Gosport and Fareham Inshore Rescue Service (GAFIRS) is a volunteer-operated independent lifeboat charity based in Gosport, Hampshire, England. It operates free lifeboat services from its station in Alverstoke covering the stretch of the Solent from Portsmouth Harbour to Titchfield Haven.

GAFIRS is on call with HM Coastguard 24 hours a day, 365 days a year. When lifeboat crews are not on station, they are ready for an immediate launch via pager callout. In addition to the frontline lifeboat service, GAFIRS helps the county's other emergency services respond to inland incidents such as flooding, snow rescue and inland water rescues.

2009 marked the charity's 40th anniversary.

==Independent status==
There are 235 RNLI-owned lifeboat stations around the United Kingdom, and there are 65 lifeboat stations which are not owned or managed by the RNLI, such as GAFIRS. Like the RNLI, GAFIRS provides services to HM Coastguard whose equipment, training, policies and procedures comply with the Maritime and Coastguard Agency's Rescue Boat Code of Practice.

In 2010, GAFIRS and other independent lifeboat stations in the United Kingdom launched an awareness campaign to remove the common public misconception that there is only one charity "Saving Lives at Sea." The campaign, titled "Go Orange for Indie Lifeboat", aims to educate members of the public that donations to the RNLI may not actually be going towards their local lifeboat station if it is one of the independent ones, such as GAFIRS or Ryde Inshore Rescue.

==Patron==
The patron of Gosport and Fareham Inshore Rescue Service is Surgeon Rear Admiral Lionel John Jarvis who became patron July 2023. Previous patrons have included yachtswoman Dee Caffari, and Lady Margaret Fieldhouse.

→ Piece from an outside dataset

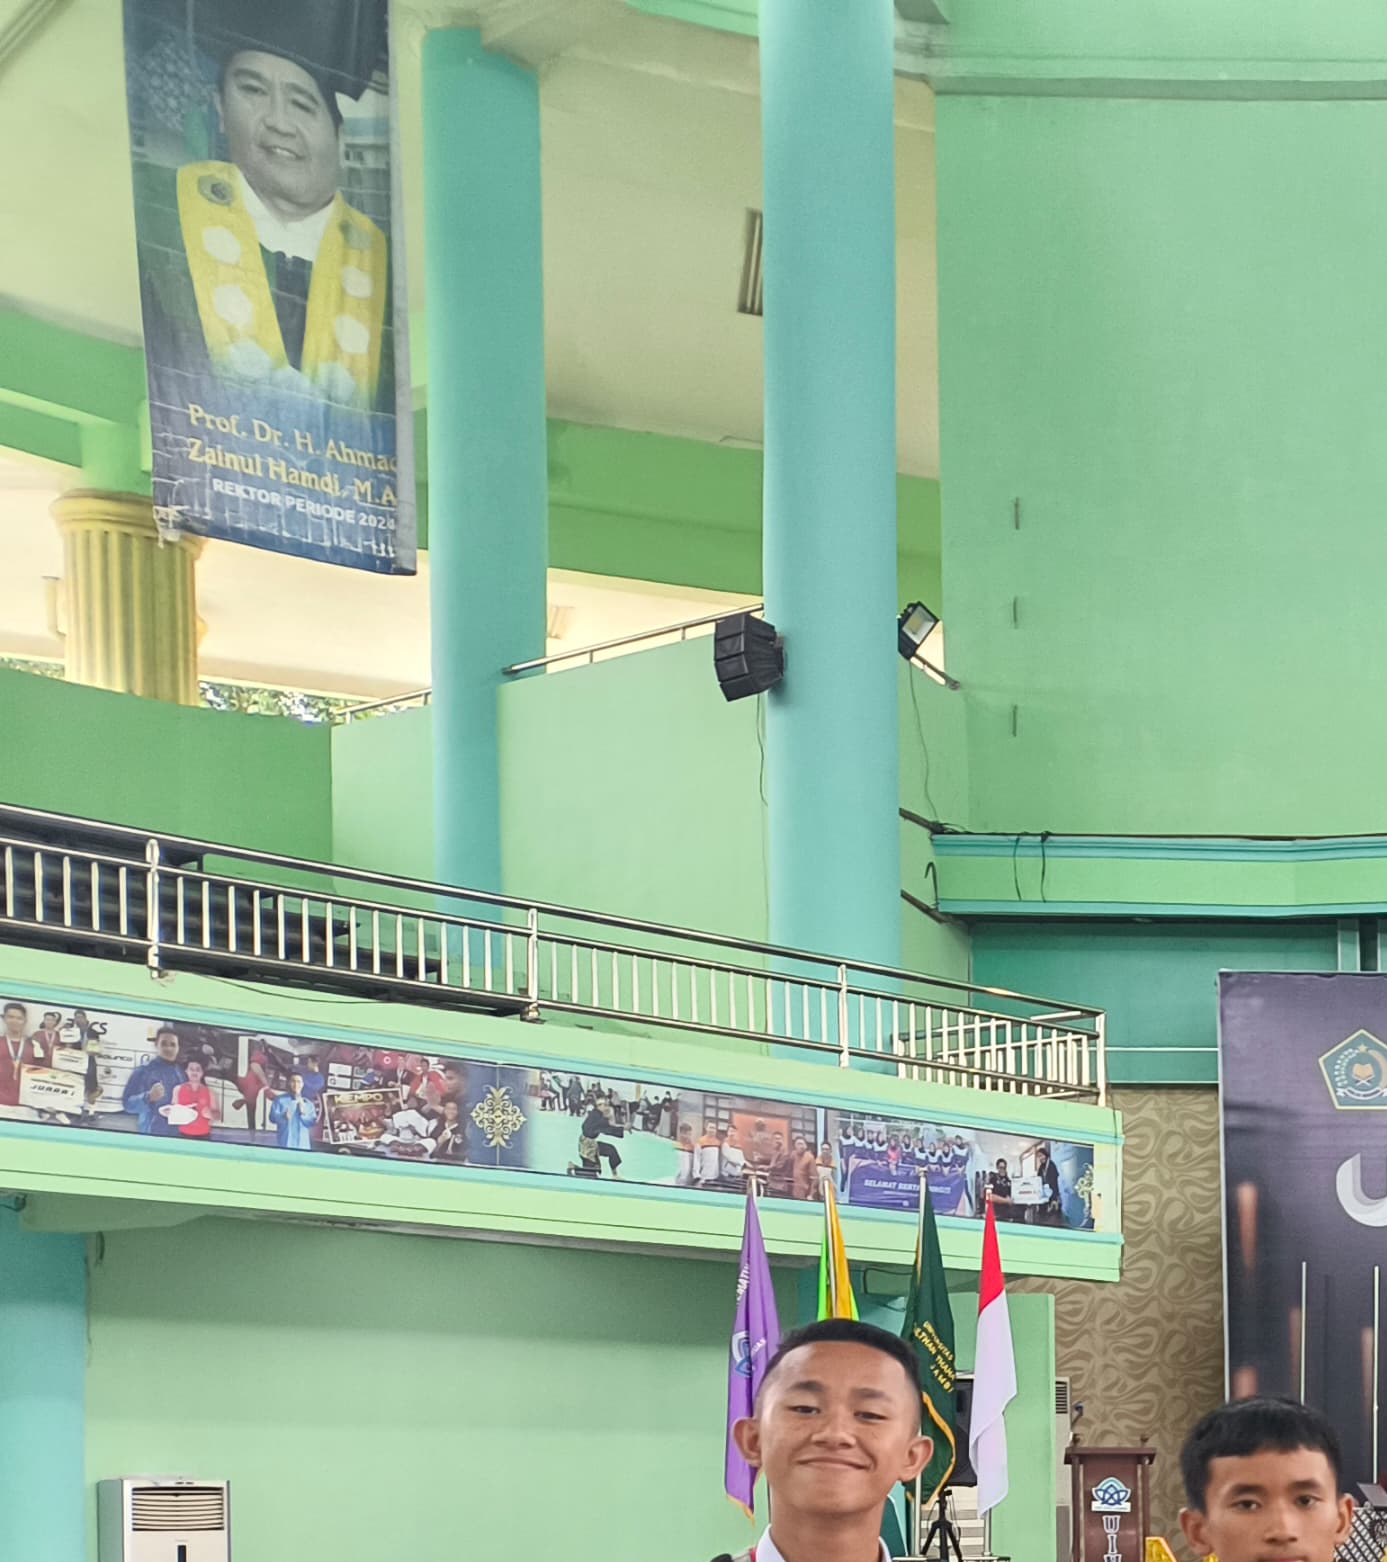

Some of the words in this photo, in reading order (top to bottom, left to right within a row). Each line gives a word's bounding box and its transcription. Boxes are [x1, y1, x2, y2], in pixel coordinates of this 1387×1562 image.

==Lifeboats and rescue vehicles==

===Gosport Lifeboat===
The Joan Dora Fuller, Search and Rescue call sign "Gosport Lifeboat," is a 9 m Delta rigid hulled inflatable boat. It is powered by twin Yanmar 8LV, 4.42-litre turbo diesel V8s producing 320 hp each. Driving two Hamilton waterjets via an electrically controlled reversible gearbox. The craft's maximum speed is 43 knot and can reach any part of the patrol area within 10 minutes of launch. The lifeboat has a variety of equipment to help rescue vessels and save lives. The kit includes advanced medical kit including an automatic external defibrillator (AED) and oxygen, search lights and thermal imaging cameras. There is also a VHF direction-finding equipment for homing in on a casualty vessel's radio transmissions, a chart plotter, tow lines, radar and depth sounder. The Lifeboat also features VHF radios for communications with the Coastguard, Gosport Lifeboat Station and casualties. In addition there is a tool kit with damage control items to stop leaks.

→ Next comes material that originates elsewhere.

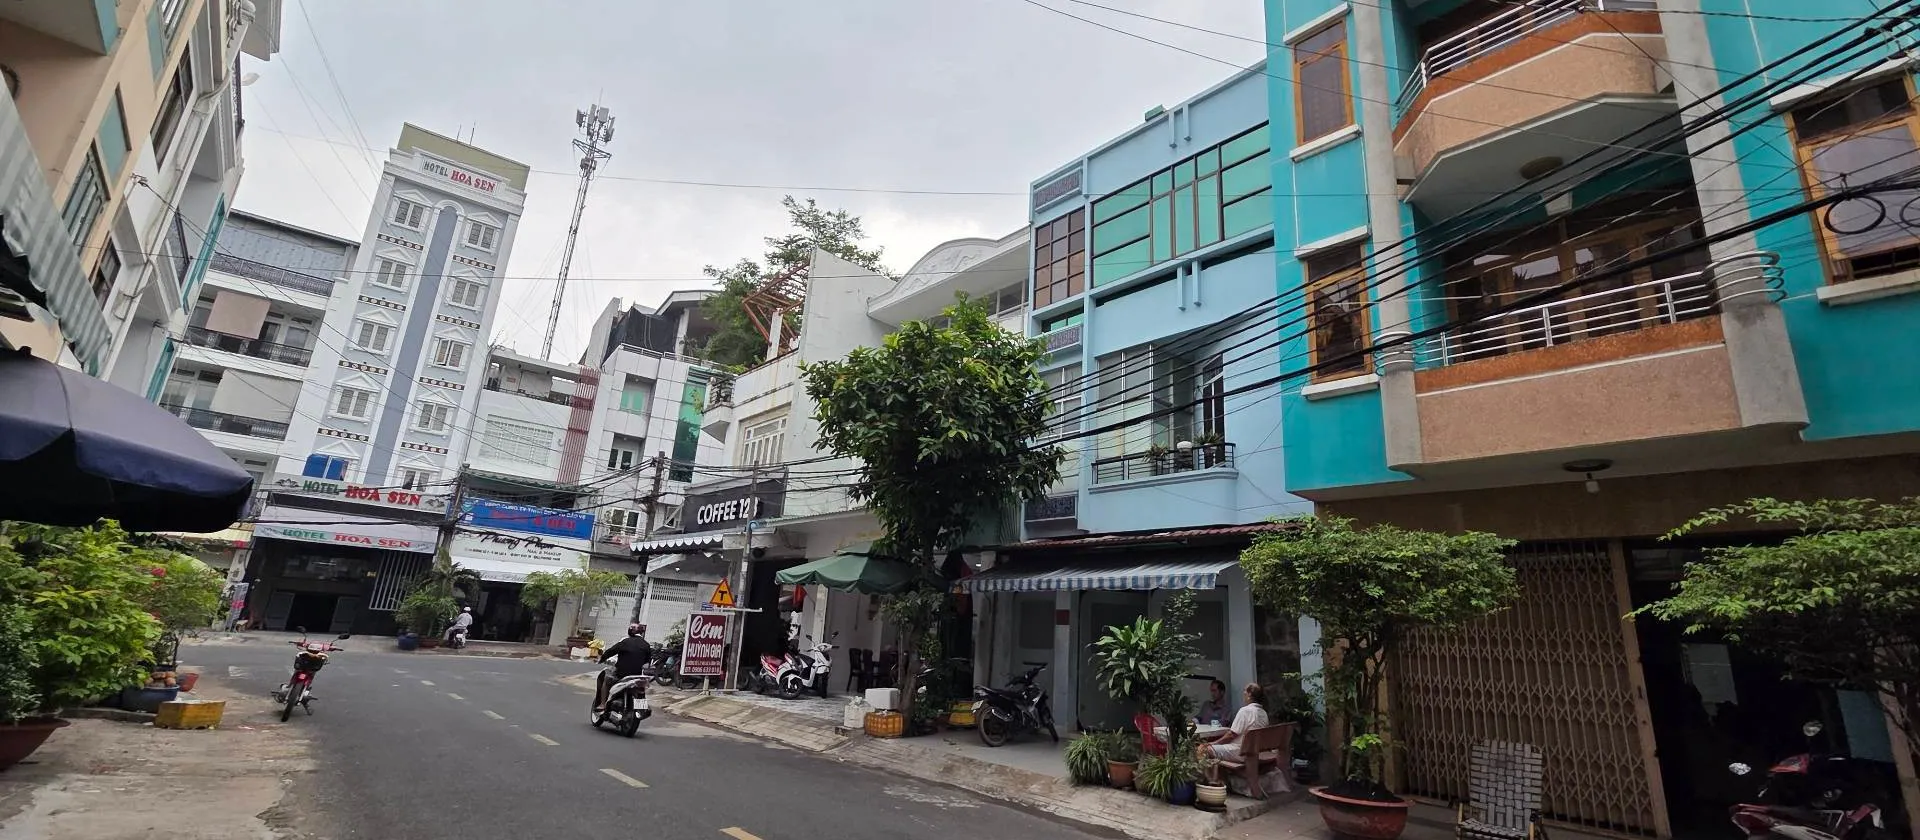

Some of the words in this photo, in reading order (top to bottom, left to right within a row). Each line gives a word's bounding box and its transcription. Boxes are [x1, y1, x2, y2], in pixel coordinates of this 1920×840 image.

===Gosport Inshore Lifeboat (Gosport ILB)===
The Ian Fuller, Search and Rescue call sign "Gosport ILB," is a 4.8 m Ribcraft and the service's patrol craft and secondary lifeboat. She is powered by a single 60 hp outboard engine. A specially designed trailer enables her to be taken to inland incidents. She is equipped for rescue work including, Flares and para illumination flares, tow lines, GPS chart plotter, depth sounder, AIS and first aid kit (including AED and oxygen). The lifeboat has VHF radio and is DSC-compatible.

===Gosport Rescue Mobile===

The Gosport Rescue Mobile is an Isuzu D-Max, which acts as an incident support vehicle both for inland incidents and shoreside assistant for the organisation's rescue craft. Gosport Rescue Mobile carries first aid, oxygen, paramedic equipment and rescue stretchers. Additionally it carries light rescue tools and scene lighting equipment for protracted incidents.

==Cadets and Canoe Lifeguard Section==
The organisation has a Cadet Section for youths between the ages of 14 and 18. The aim of the section is to teach the youngsters lifesaving skills both in canoes and on surf rescue boards and on the beach, as well as other lifeguarding skills. The service uses canoes for routine patrols and rescue work along the coastline of the area and additionally in support of the mud rescue teams. The canoes are normally paddled by the cadet section.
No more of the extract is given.